- _Directions_
Starting at the line that contains "this 1904×1428 image.", copy every line through the end of the listing below exactly, and copy nothing else.
* * * * * * * * *
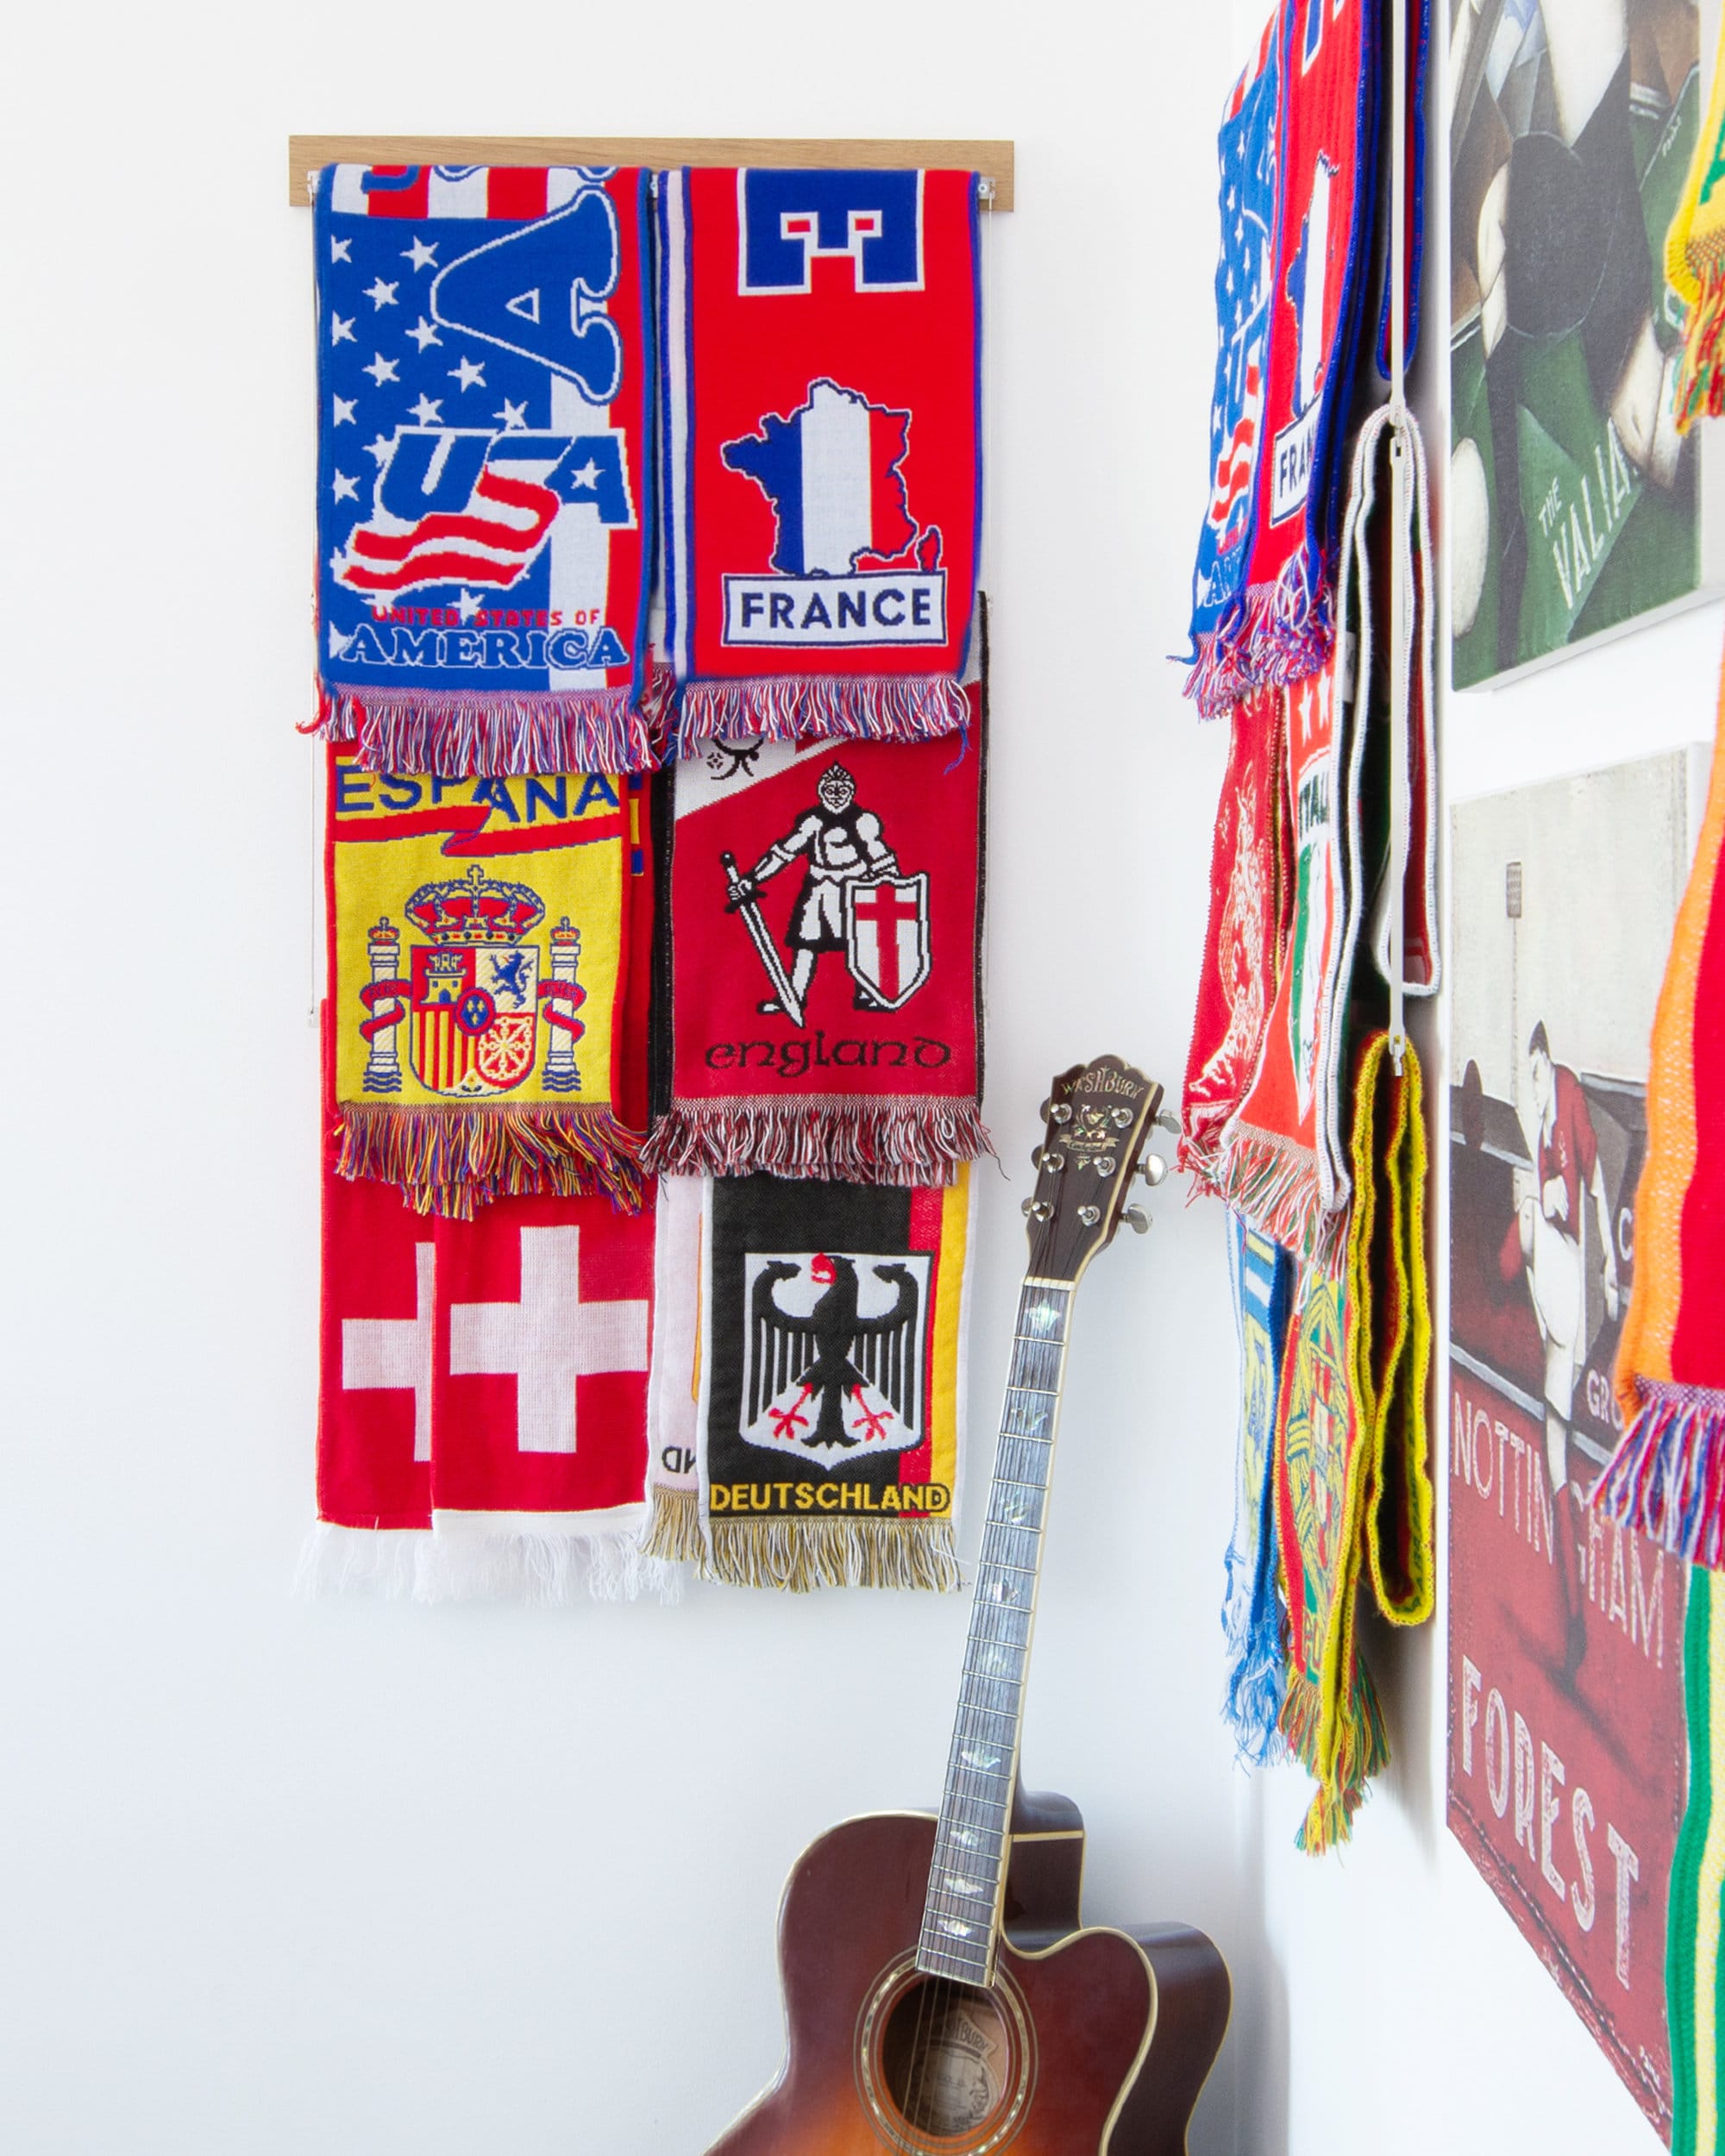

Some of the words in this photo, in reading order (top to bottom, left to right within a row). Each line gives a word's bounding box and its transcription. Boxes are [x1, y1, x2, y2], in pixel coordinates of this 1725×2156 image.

[341, 425, 638, 592] USA
[1539, 477, 1562, 538] THE
[1553, 417, 1638, 610] VALIA
[372, 605, 459, 626] UNITED
[474, 606, 563, 627] STATES
[574, 609, 600, 625] OF
[741, 588, 931, 629] FRANCE
[340, 624, 630, 670] AMERICA
[706, 1031, 951, 1078] england
[1062, 1066, 1145, 1100] WASHBURN
[710, 1482, 950, 1512] DEUTSCHLAND
[1463, 1654, 1640, 1990] FOREST
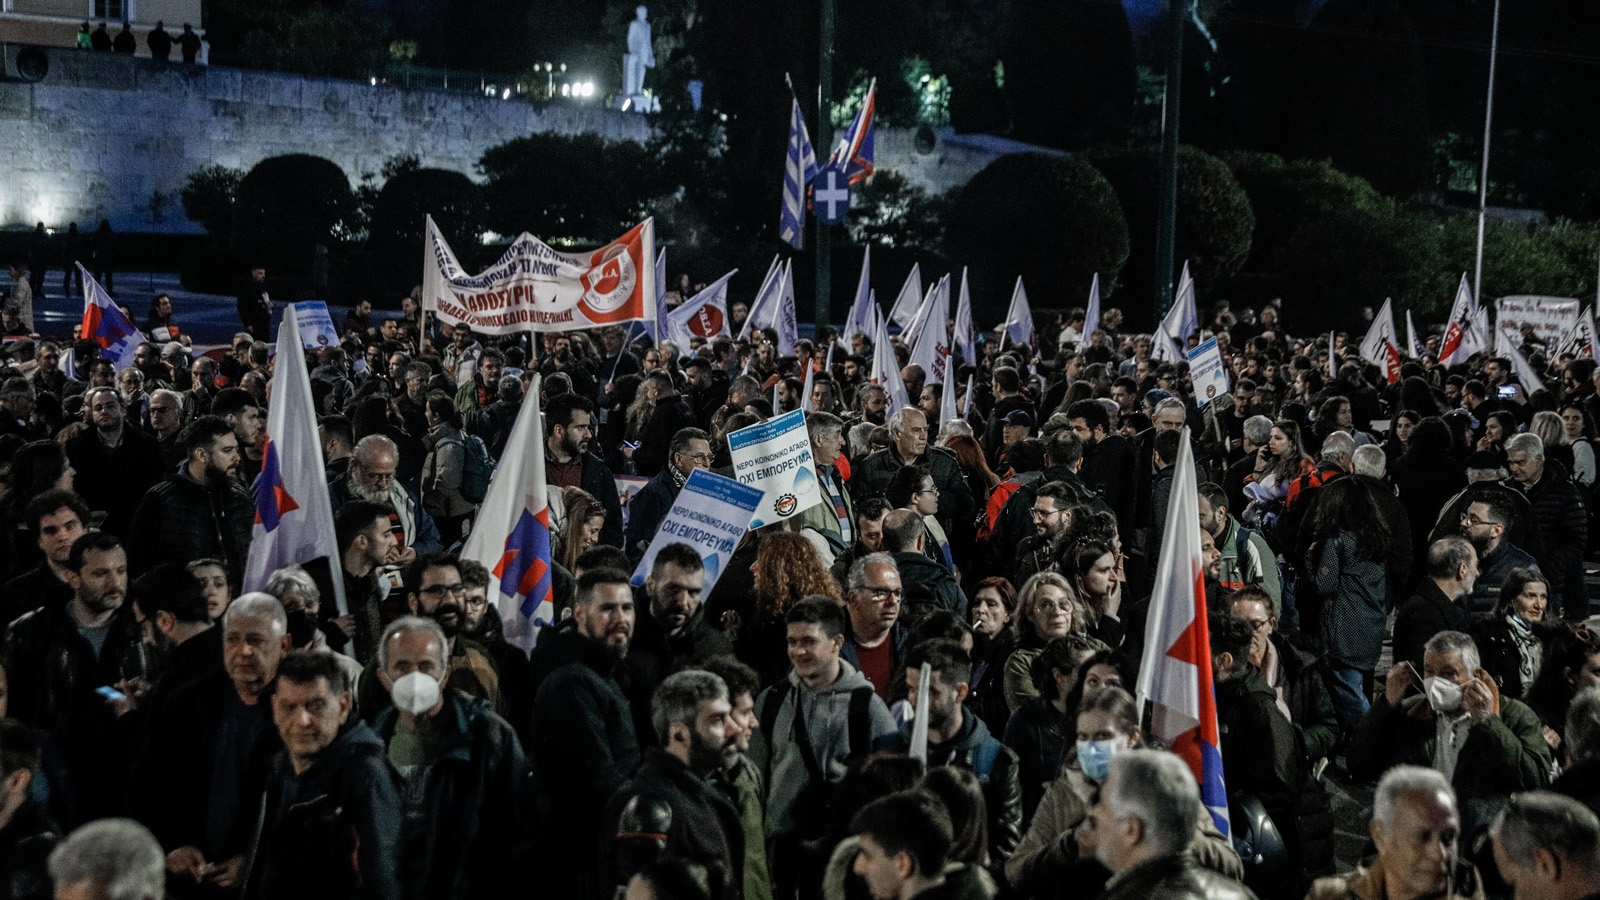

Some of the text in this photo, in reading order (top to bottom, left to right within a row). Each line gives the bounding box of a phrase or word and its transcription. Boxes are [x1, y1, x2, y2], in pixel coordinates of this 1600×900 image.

[736, 439, 809, 471] ΝΕΡΟ ΚΟΙΝΩΝΙΚΟ ΑΓΑΘΟ
[739, 452, 812, 485] ΟΧΙ ΕΜΠΟΡΕΥΜΑ
[672, 505, 744, 536] ΝΕΡΟ ΚΟΙΝΩΝΙΚΟ ΑΓΑΘΟ
[662, 520, 735, 555] ΟΧΙ ΕΜΠΟΡΕΥΜΑ
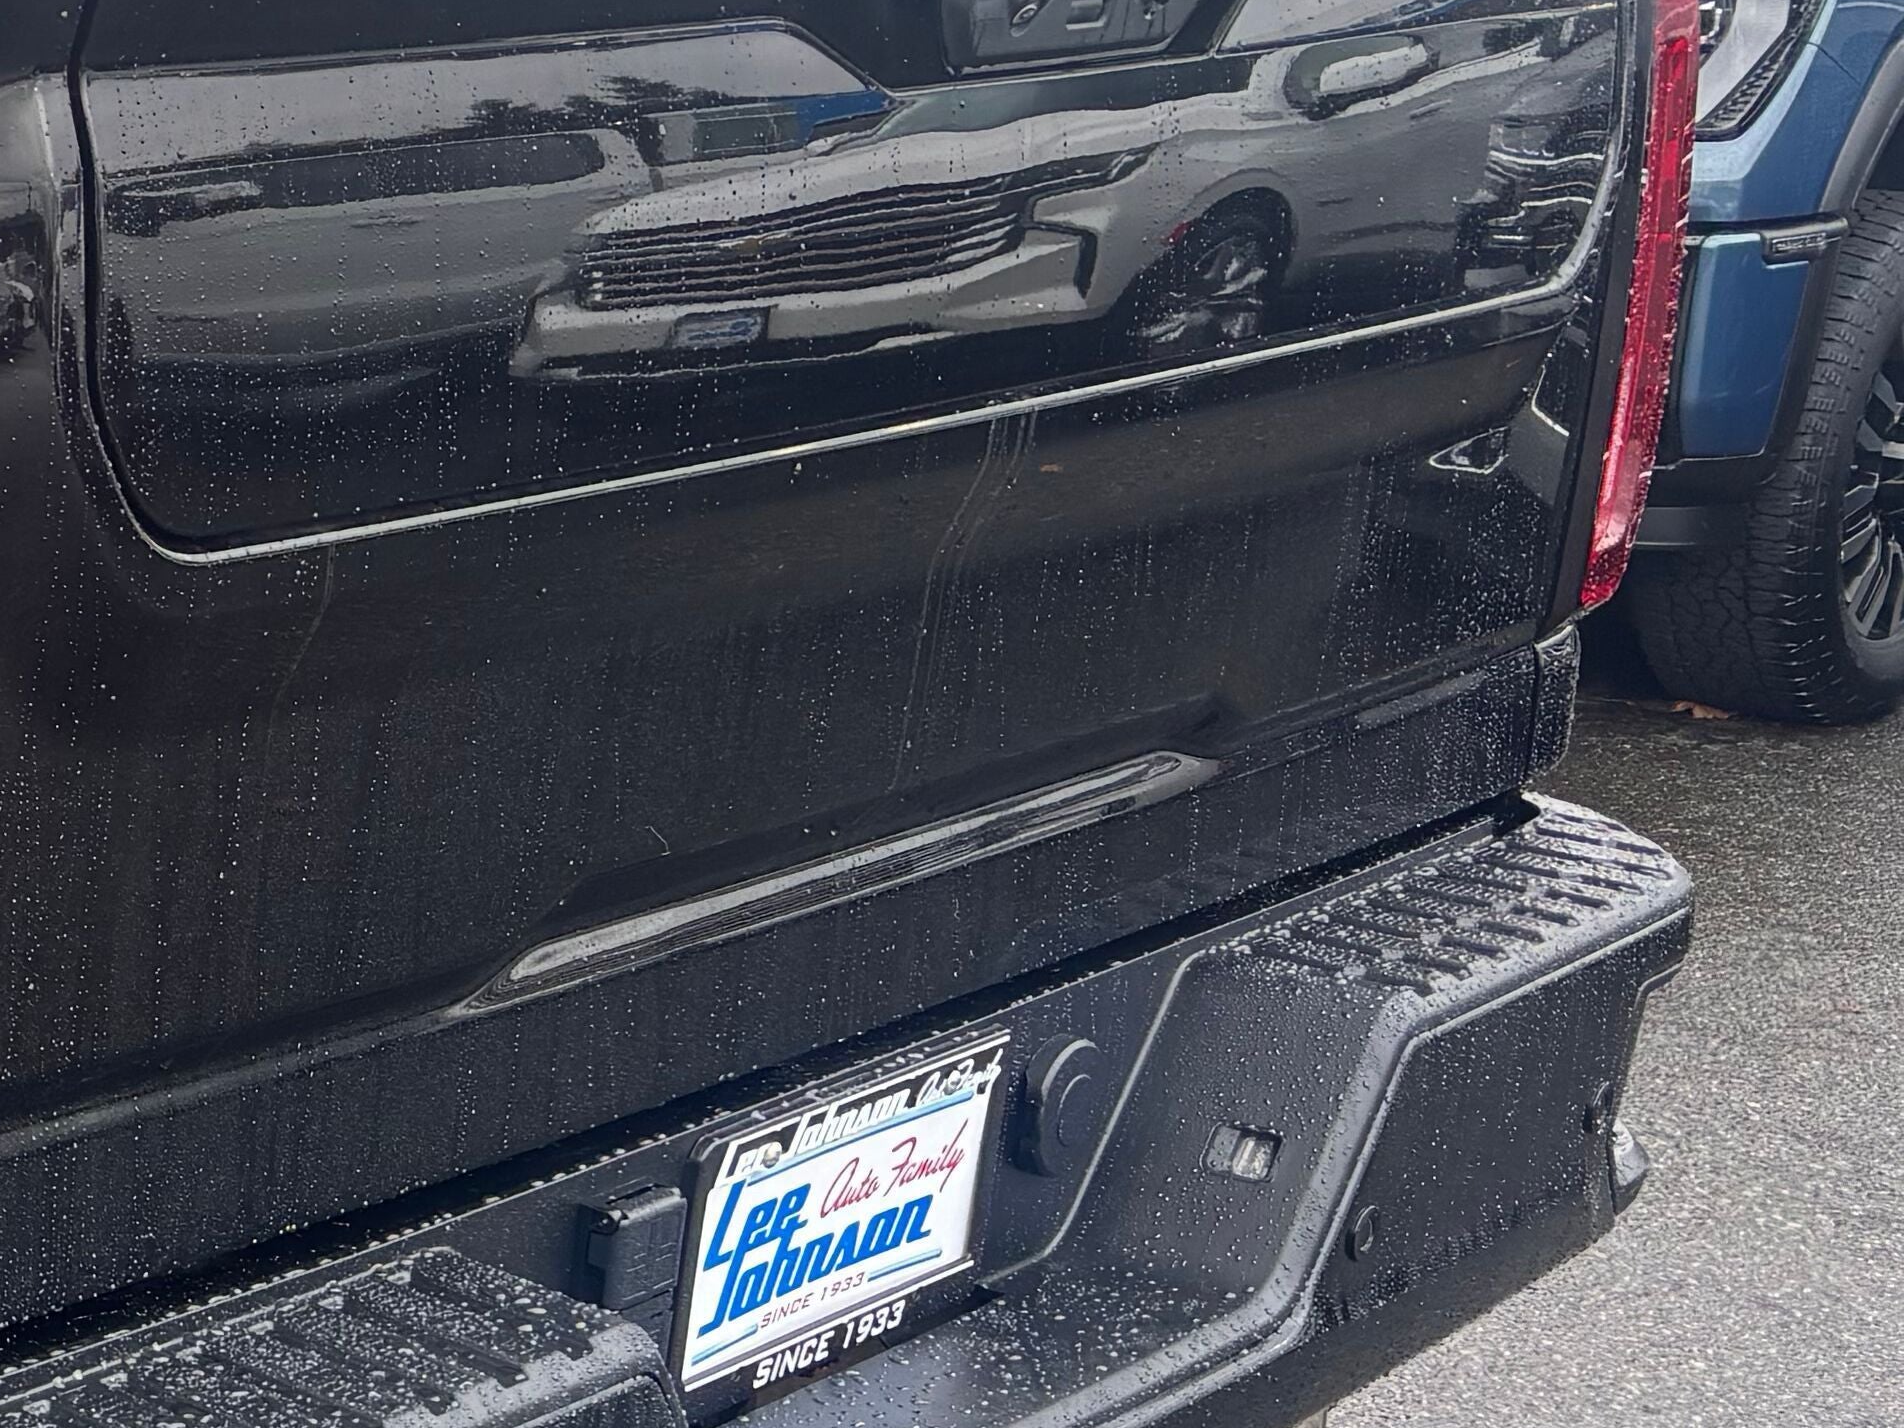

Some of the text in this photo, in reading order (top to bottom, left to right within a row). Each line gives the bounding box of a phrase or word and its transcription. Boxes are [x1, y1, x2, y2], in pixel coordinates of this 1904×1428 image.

[782, 1088, 911, 1160] Johnson
[820, 1117, 969, 1219] Auto Family
[697, 1194, 933, 1339] Johnson
[703, 1179, 811, 1273] Lee
[752, 1299, 907, 1390] SINCE 1933
[760, 1271, 866, 1329] SINCE 1933
* * * * * * * * *
- _Output below_
Some of the text in this photo, in reading order (top to bottom, left to right within a row). Each line gives the bounding box of a phrase or word and its transcription. Boxes are [x1, y1, x2, y2], in pixel coordinates of this 1904×1428 image.

[782, 1088, 911, 1160] Johnson
[820, 1117, 969, 1219] Auto Family
[697, 1194, 933, 1339] Johnson
[703, 1179, 811, 1273] Lee
[752, 1299, 907, 1390] SINCE 1933
[760, 1271, 866, 1329] SINCE 1933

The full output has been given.